Откроете дверь, изнутри висят на веревочках картонные визитные карточки – „Черномордиков дома" „Цулукидзе дома", „Свизляк – на службе", „Лейбзон дома", „Кнунянц в командировке".
А потом широкий, темный, пропахший нафталином, свечными огарками, мышиным пометом коридор, весь заставленный старыми рассыпающимися шкафами с ненужными книгами, окованными железными полосами сундуками, о которые вы всегда обиваете себе коленки какими-то тюками и корзинами, набитыми всякой ветошью и дребеденью, а может быть, даже камнями, лишь бы там что-то стояло, лишь бы мешало людям жить.

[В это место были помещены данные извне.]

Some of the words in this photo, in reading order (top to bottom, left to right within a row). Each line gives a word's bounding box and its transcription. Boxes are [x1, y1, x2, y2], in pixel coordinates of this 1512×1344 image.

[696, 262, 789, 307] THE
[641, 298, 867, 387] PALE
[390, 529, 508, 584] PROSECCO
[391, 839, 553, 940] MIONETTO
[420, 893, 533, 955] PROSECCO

Тут же цинковые корыта, похожие на детские гробы громадные оранжевые и голубые бутыли, в которых черт те что хранится, сверкнет старый горбатый самовар дамский велосипед, из колеса которого обязательно торчат острые спицы, засохший фикус, и стоит даже бог весть откуда взявшееся, давно изъеденное молью чучело медведя, который по-отцовски коснется вас и вы вздрогнете от неожиданности, словно именно вас он и дожидался в этом коммунальном лесу.

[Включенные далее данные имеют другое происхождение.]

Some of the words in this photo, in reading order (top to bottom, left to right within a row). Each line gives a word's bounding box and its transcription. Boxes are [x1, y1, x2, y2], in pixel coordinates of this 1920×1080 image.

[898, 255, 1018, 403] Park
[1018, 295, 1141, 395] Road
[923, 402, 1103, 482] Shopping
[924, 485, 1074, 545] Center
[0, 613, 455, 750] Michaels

В общем, сюда выставлено все, что не нужно никому, но только тронь или чуточку передвинь с места… А бывает, еще посредине висит на протянутой веревке белье, которое бьет вас мокрыми штрипками по лицу.
В коридор выходили высокие и широкие двери с дубовым узором, и на вешалках висели старые, еще гражданской войны шинели, бекеши, еще старорежимные салопы, шушуны, и казалось, у стены, прижавшись, стоят и ждут своего часа краскомы, чекисты и старухи бабы-яги.
За дверями орало радио, или играл патефон, или плакали, или пели, или били посуду, или царствовала такая тишина, что становилось страшно, и пахло то жареной воблой, то столярным клеем, то лекарствами, то сивухой, то гримом или ужасной, необратимой пустотой.
Совместная жизнь настраивала всех на одну волну. Иногда в квартире стояла мертвая тишина, но стоило только кому-то закричать, как во всех комнатах начинался шум, все вспоминали обиды, оскорбления, боль…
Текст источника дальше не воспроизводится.